[Images for object localization]
*** Begin section ***
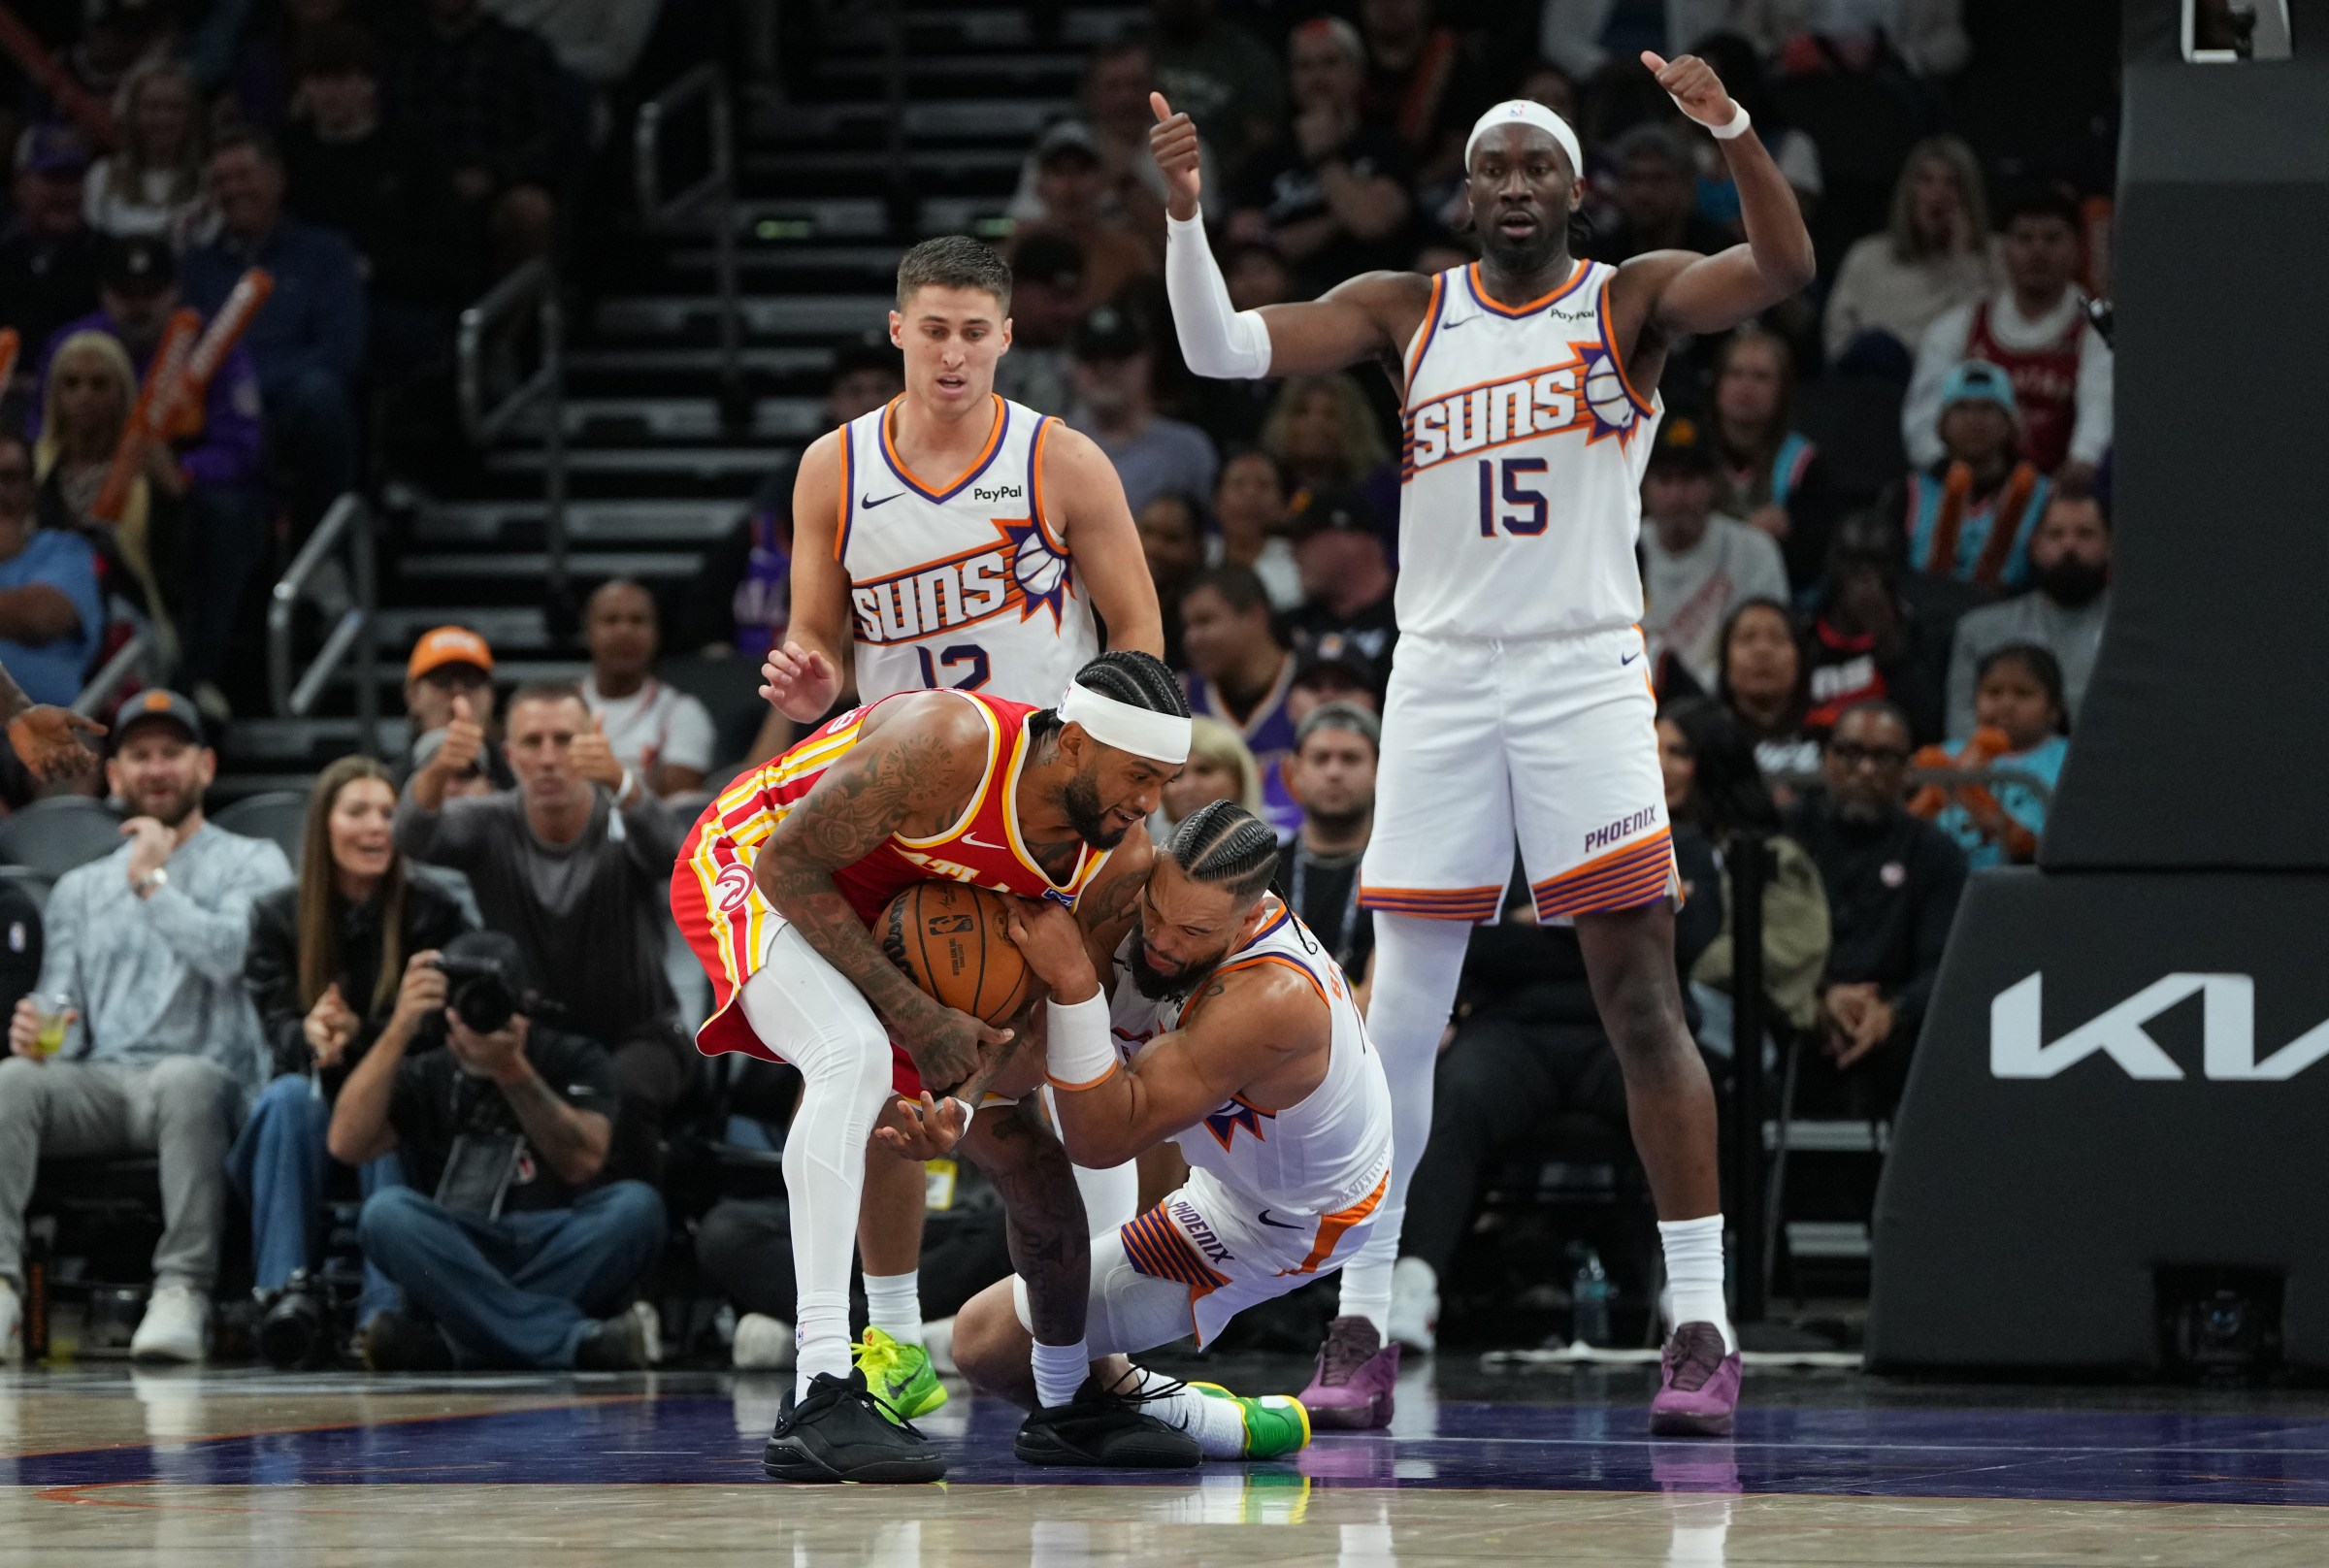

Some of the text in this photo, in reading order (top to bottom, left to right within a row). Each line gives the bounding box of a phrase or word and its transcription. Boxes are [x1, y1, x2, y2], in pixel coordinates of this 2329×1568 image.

[1550, 308, 1595, 322] PayPal
[1413, 368, 1577, 468] SUNS
[973, 484, 1022, 503] PayPal
[1478, 456, 1549, 538] 15
[851, 550, 1006, 642] SUNS
[915, 643, 992, 691] 12
[1584, 802, 1657, 854] PHOENIX
[1167, 1200, 1236, 1266] PHOENIX
*** End section ***
- Task requirements -
From the first line to the last, give the data again exactly, but without pictures.

- Solution -
Some of the text in this photo, in reading order (top to bottom, left to right within a row). Each line gives the bounding box of a phrase or word and its transcription. Boxes are [x1, y1, x2, y2], in pixel coordinates of this 2329×1568 image.

[1550, 308, 1595, 322] PayPal
[1413, 368, 1577, 468] SUNS
[973, 484, 1022, 503] PayPal
[1478, 456, 1549, 538] 15
[851, 550, 1006, 642] SUNS
[915, 643, 992, 691] 12
[1584, 802, 1657, 854] PHOENIX
[1167, 1200, 1236, 1266] PHOENIX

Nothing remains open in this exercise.